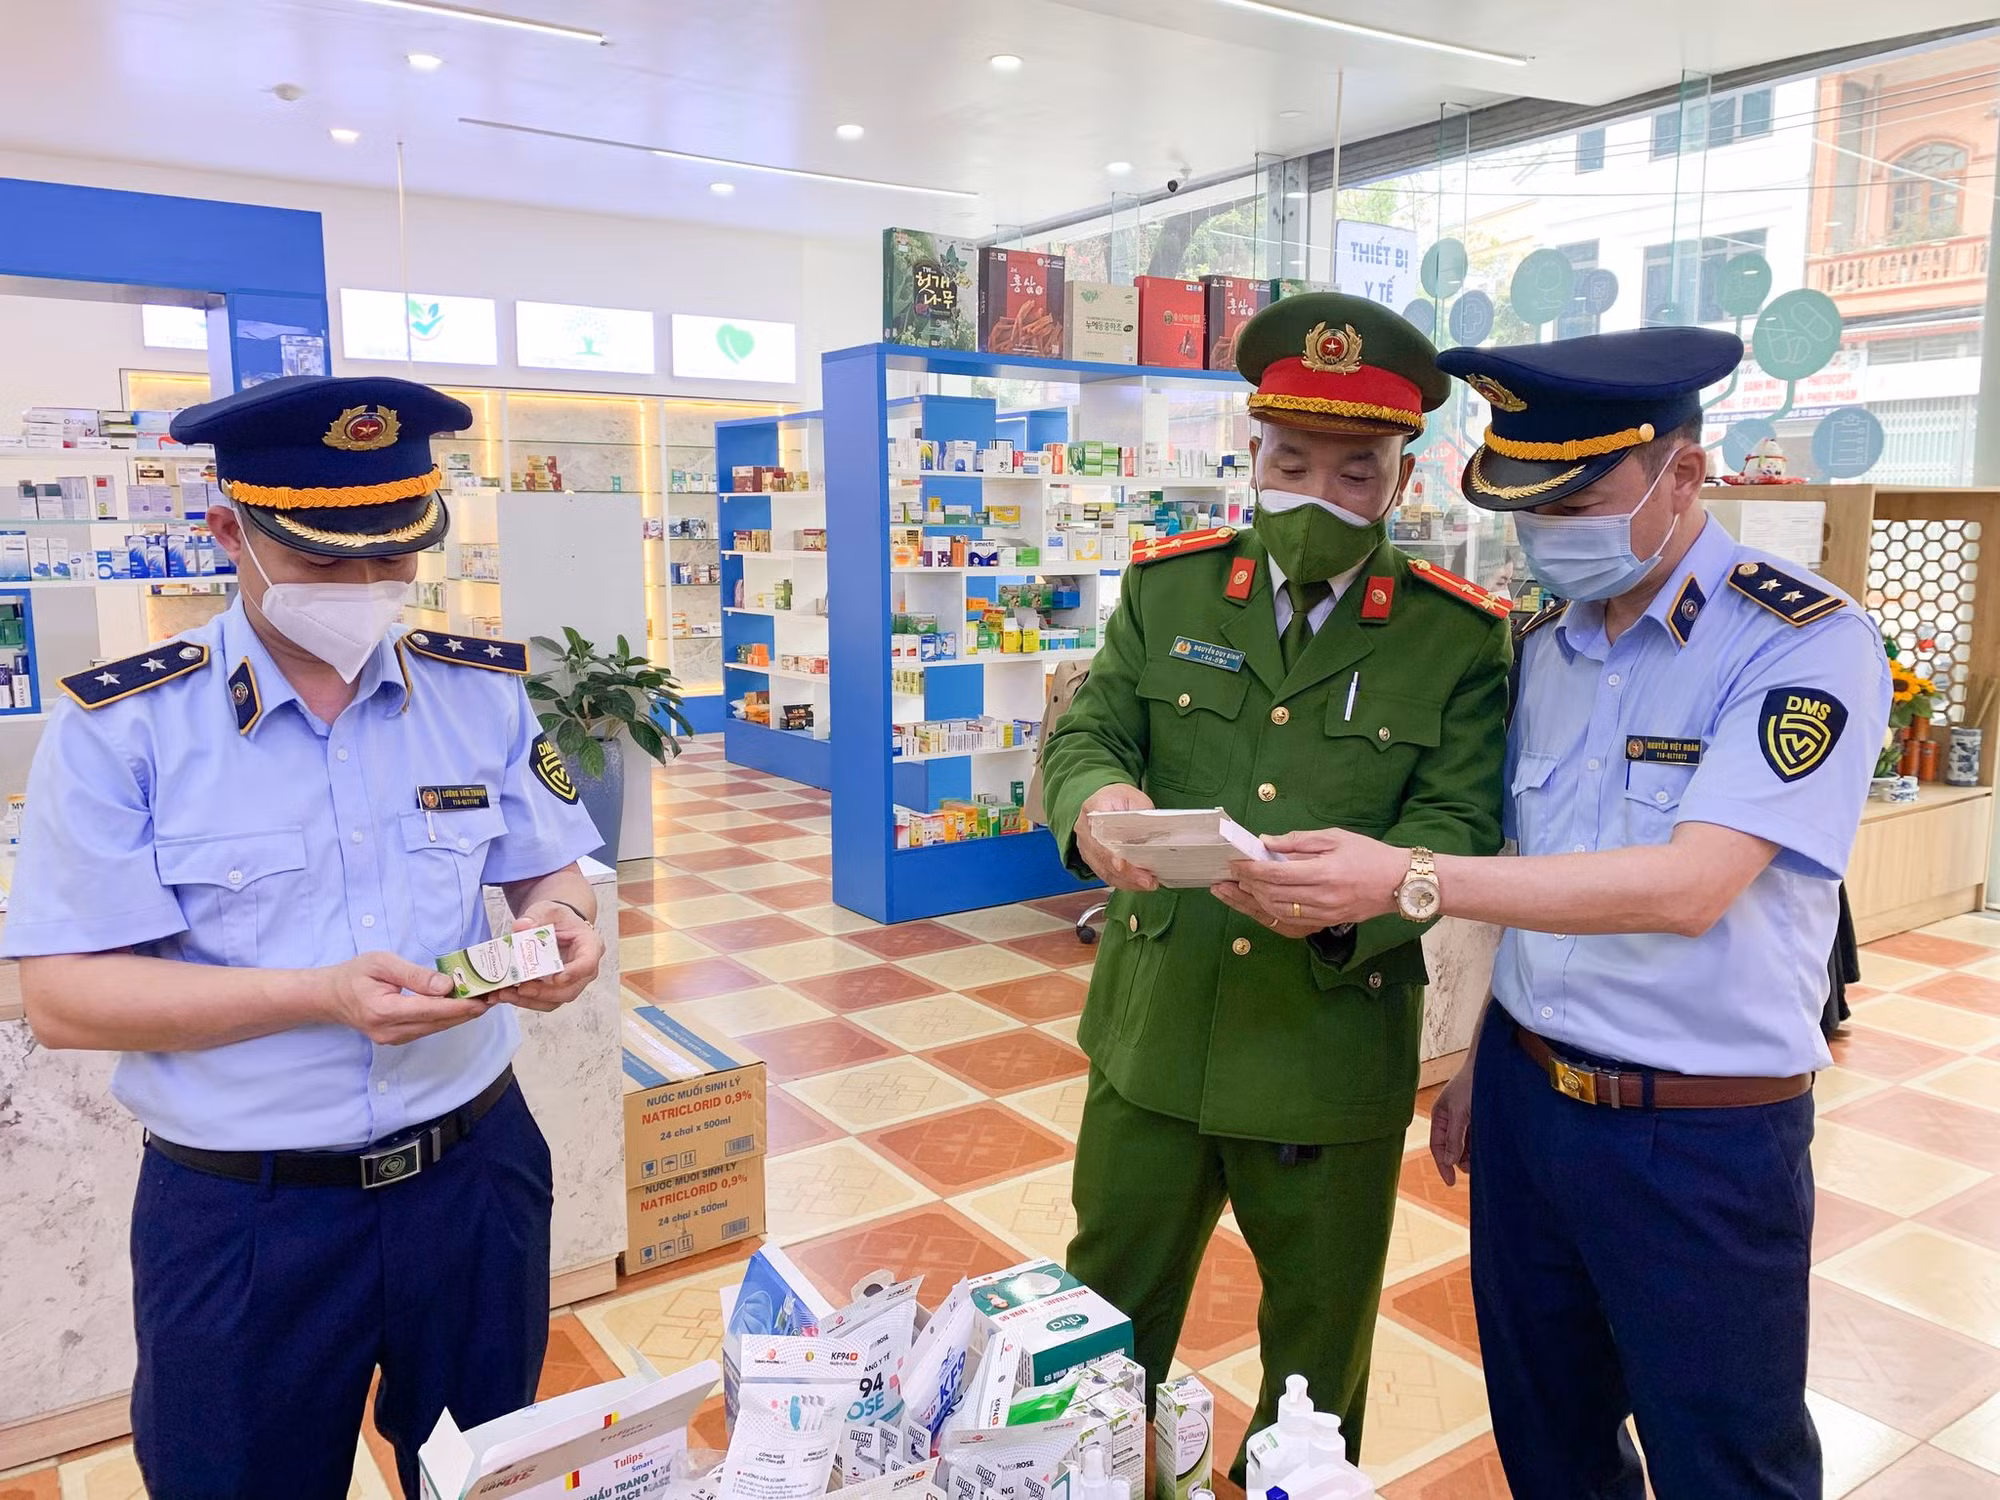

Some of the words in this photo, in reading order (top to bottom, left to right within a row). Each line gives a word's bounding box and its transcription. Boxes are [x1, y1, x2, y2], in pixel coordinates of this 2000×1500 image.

[1351, 236, 1390, 266] THIẾT
[1395, 248, 1409, 274] BỊ
[924, 290, 955, 309] 나무
[1365, 281, 1374, 298] Y
[1379, 275, 1396, 303] TẾ
[1786, 695, 1831, 721] DMS
[537, 741, 553, 756] DM
[647, 1092, 675, 1107] NƯỚC
[677, 1083, 703, 1099] MUỐI
[705, 1080, 728, 1094] SINH
[730, 1075, 742, 1088] LÝ
[642, 1096, 721, 1126] NATRICLORID
[724, 1089, 752, 1106] 0,9%
[660, 1131, 672, 1142] 24
[674, 1125, 694, 1138] chai
[696, 1124, 701, 1132] x
[704, 1115, 731, 1130] 500ml
[702, 1163, 724, 1179] SINH
[640, 1181, 718, 1213] NATRICLORID
[721, 1173, 748, 1190] 0,9%
[658, 1216, 669, 1227] 24
[672, 1210, 691, 1222] chai
[693, 1209, 698, 1217] x
[701, 1200, 728, 1215] 500ml
[1050, 1314, 1082, 1330] niva
[831, 1352, 850, 1361] KF94
[859, 1371, 884, 1398] 94
[847, 1391, 885, 1420] OSE
[613, 1451, 644, 1469] Tulips
[631, 1459, 654, 1473] Smart
[614, 1474, 650, 1494] TRANG
[652, 1468, 658, 1478] Y

....

--- Instructions for the task ---
Return all entries preceding this task exactly as they stand, leaving any picture out.

--- Answer for the task ---
Some of the words in this photo, in reading order (top to bottom, left to right within a row). Each line gives a word's bounding box and its transcription. Boxes are [x1, y1, x2, y2], in pixel coordinates of this 2000×1500 image.

[1351, 236, 1390, 266] THIẾT
[1395, 248, 1409, 274] BỊ
[924, 290, 955, 309] 나무
[1365, 281, 1374, 298] Y
[1379, 275, 1396, 303] TẾ
[1786, 695, 1831, 721] DMS
[537, 741, 553, 756] DM
[647, 1092, 675, 1107] NƯỚC
[677, 1083, 703, 1099] MUỐI
[705, 1080, 728, 1094] SINH
[730, 1075, 742, 1088] LÝ
[642, 1096, 721, 1126] NATRICLORID
[724, 1089, 752, 1106] 0,9%
[660, 1131, 672, 1142] 24
[674, 1125, 694, 1138] chai
[696, 1124, 701, 1132] x
[704, 1115, 731, 1130] 500ml
[702, 1163, 724, 1179] SINH
[640, 1181, 718, 1213] NATRICLORID
[721, 1173, 748, 1190] 0,9%
[658, 1216, 669, 1227] 24
[672, 1210, 691, 1222] chai
[693, 1209, 698, 1217] x
[701, 1200, 728, 1215] 500ml
[1050, 1314, 1082, 1330] niva
[831, 1352, 850, 1361] KF94
[859, 1371, 884, 1398] 94
[847, 1391, 885, 1420] OSE
[613, 1451, 644, 1469] Tulips
[631, 1459, 654, 1473] Smart
[614, 1474, 650, 1494] TRANG
[652, 1468, 658, 1478] Y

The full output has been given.